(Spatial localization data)
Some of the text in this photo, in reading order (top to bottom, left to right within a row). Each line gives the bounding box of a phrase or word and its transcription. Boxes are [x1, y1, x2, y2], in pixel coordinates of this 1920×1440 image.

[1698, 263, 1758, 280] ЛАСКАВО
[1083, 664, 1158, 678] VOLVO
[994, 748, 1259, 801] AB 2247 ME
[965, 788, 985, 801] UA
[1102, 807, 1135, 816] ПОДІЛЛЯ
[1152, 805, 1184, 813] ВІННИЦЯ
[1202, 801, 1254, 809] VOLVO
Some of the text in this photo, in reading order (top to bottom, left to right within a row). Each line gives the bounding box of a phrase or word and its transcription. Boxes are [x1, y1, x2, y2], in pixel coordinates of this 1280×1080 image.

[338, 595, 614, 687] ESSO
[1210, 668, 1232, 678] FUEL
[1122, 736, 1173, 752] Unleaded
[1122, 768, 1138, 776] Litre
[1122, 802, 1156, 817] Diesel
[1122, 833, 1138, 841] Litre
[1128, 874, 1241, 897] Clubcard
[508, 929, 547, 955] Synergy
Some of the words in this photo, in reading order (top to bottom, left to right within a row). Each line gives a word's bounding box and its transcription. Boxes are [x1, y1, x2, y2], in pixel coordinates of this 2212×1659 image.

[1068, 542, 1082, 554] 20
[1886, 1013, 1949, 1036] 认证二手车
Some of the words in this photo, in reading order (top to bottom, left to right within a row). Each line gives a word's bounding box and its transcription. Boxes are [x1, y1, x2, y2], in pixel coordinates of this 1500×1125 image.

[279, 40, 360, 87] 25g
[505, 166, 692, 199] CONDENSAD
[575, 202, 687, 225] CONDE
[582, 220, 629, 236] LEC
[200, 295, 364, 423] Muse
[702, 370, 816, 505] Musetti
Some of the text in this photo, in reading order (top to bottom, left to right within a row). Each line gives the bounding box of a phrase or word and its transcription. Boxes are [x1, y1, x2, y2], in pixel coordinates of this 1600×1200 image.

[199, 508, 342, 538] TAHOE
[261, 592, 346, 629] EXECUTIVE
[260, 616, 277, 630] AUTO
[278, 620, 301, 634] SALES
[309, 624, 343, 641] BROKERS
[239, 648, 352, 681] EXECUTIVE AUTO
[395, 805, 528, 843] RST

* [Prompt]
Output all of the entries, exactly as they are written.

* [Answer box]
Some of the text in this photo, in reading order (top to bottom, left to right within a row). Each line gives the bounding box of a phrase or word and its transcription. Boxes are [x1, y1, x2, y2], in pixel coordinates of this 1920×1440 image.

[1698, 263, 1758, 280] ЛАСКАВО
[1083, 664, 1158, 678] VOLVO
[994, 748, 1259, 801] AB 2247 ME
[965, 788, 985, 801] UA
[1102, 807, 1135, 816] ПОДІЛЛЯ
[1152, 805, 1184, 813] ВІННИЦЯ
[1202, 801, 1254, 809] VOLVO
Some of the text in this photo, in reading order (top to bottom, left to right within a row). Each line gives the bounding box of a phrase or word and its transcription. Boxes are [x1, y1, x2, y2], in pixel coordinates of this 1280×1080 image.

[338, 595, 614, 687] ESSO
[1210, 668, 1232, 678] FUEL
[1122, 736, 1173, 752] Unleaded
[1122, 768, 1138, 776] Litre
[1122, 802, 1156, 817] Diesel
[1122, 833, 1138, 841] Litre
[1128, 874, 1241, 897] Clubcard
[508, 929, 547, 955] Synergy
Some of the words in this photo, in reading order (top to bottom, left to right within a row). Each line gives a word's bounding box and its transcription. Boxes are [x1, y1, x2, y2], in pixel coordinates of this 2212×1659 image.

[1068, 542, 1082, 554] 20
[1886, 1013, 1949, 1036] 认证二手车
Some of the words in this photo, in reading order (top to bottom, left to right within a row). Each line gives a word's bounding box and its transcription. Boxes are [x1, y1, x2, y2], in pixel coordinates of this 1500×1125 image.

[279, 40, 360, 87] 25g
[505, 166, 692, 199] CONDENSAD
[575, 202, 687, 225] CONDE
[582, 220, 629, 236] LEC
[200, 295, 364, 423] Muse
[702, 370, 816, 505] Musetti
Some of the text in this photo, in reading order (top to bottom, left to right within a row). Each line gives the bounding box of a phrase or word and its transcription. Boxes are [x1, y1, x2, y2], in pixel coordinates of this 1600×1200 image.

[199, 508, 342, 538] TAHOE
[261, 592, 346, 629] EXECUTIVE
[260, 616, 277, 630] AUTO
[278, 620, 301, 634] SALES
[309, 624, 343, 641] BROKERS
[239, 648, 352, 681] EXECUTIVE AUTO
[395, 805, 528, 843] RST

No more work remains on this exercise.